Ersid Ljuca

Personal information
- Born: May 10, 1981 (age 45) Bijelo Polje, SR Montenegro, SFR Yugoslavia
- Nationality: Kosovan/Albanian/Montenegrin
- Listed height: 6 ft 11 in (2.11 m)
- Listed weight: 255 lb (116 kg)

Career information
- NBA draft: 2003: undrafted
- Playing career: 1998–2016
- Position: Center

Career history
- 1998–2002: Lovćen
- 2002: Tina Time
- 2002–2003: Lovćen
- 2003–2004: Trepça
- 2004–2006: Prishtina
- 2006–2007: Ohud Medina
- 2008: Dinamo București
- 2008–2009: Rabotnički
- 2009: Peja
- 2009–2010: Anibal Zahle
- 2010: Kakanj
- 2010–2011: Kaysoun
- 2011–2012: Étoile du Sahel
- 2012: Prishtina
- 2012: Hoops Club
- 2013–2014: Peja
- 2014–2015: Jedinstvo
- 2015: Étoile du Sahel
- 2016: Strsljen

Career highlights
- 2× Kosovo Superleague champion (2006, 2013); 3× Kosovo Cup winner (2004, 2005, 2006);

= Ersid Ljuca =

Kosovo Albanian basketball player

Ersid Ljuca (Ersid Lucaj) is a former Kosovan-Albanian professional basketball player. He was born in Bijelo Polje in Montenegro into an Albanian family and represented Albania and Kosovo.

== Professional career ==
In October 2014, Ljuca signed for Jedinstvo of the Montenegrin Basketball League.

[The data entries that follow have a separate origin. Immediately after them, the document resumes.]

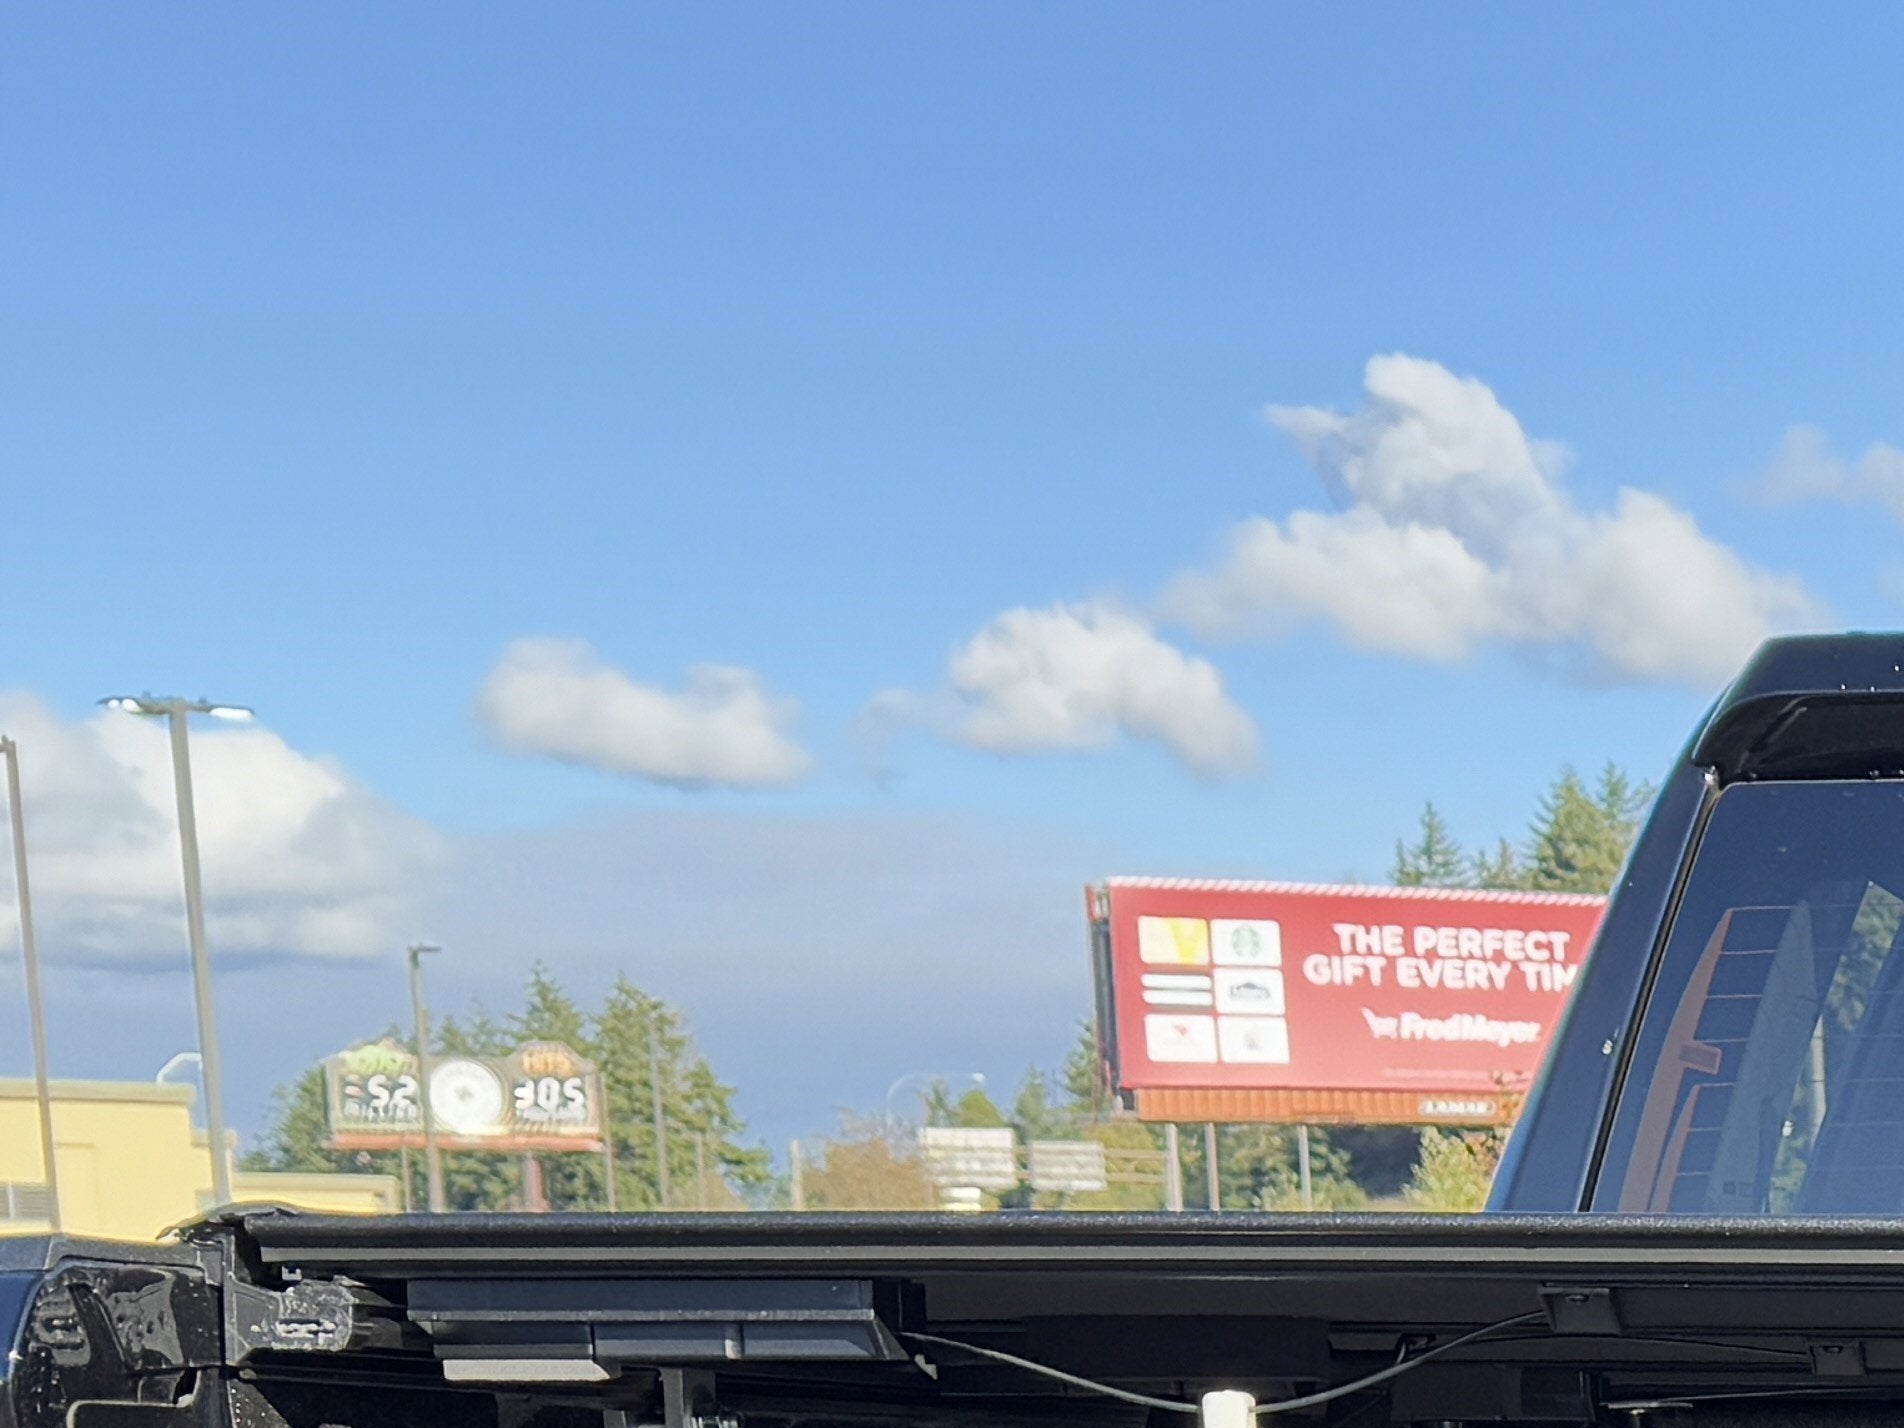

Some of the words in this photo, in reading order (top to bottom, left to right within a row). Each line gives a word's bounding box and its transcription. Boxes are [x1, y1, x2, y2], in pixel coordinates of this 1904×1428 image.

[1332, 923, 1405, 956] THE
[1413, 926, 1571, 962] PERFECT
[1302, 954, 1387, 986] GIFT
[1395, 957, 1512, 990] EVERY
[1518, 961, 1579, 992] TIM

On 11 January 2015, Ljuca signed for the Tunisian club Étoile Sportive du Sahel of the Championnat Pro A.

== International career==
Ljuca was part of the Albania national team during the 2009 Mediterranean games. He played for Albania from 2006 until 2013 and for Kosovo in 2015.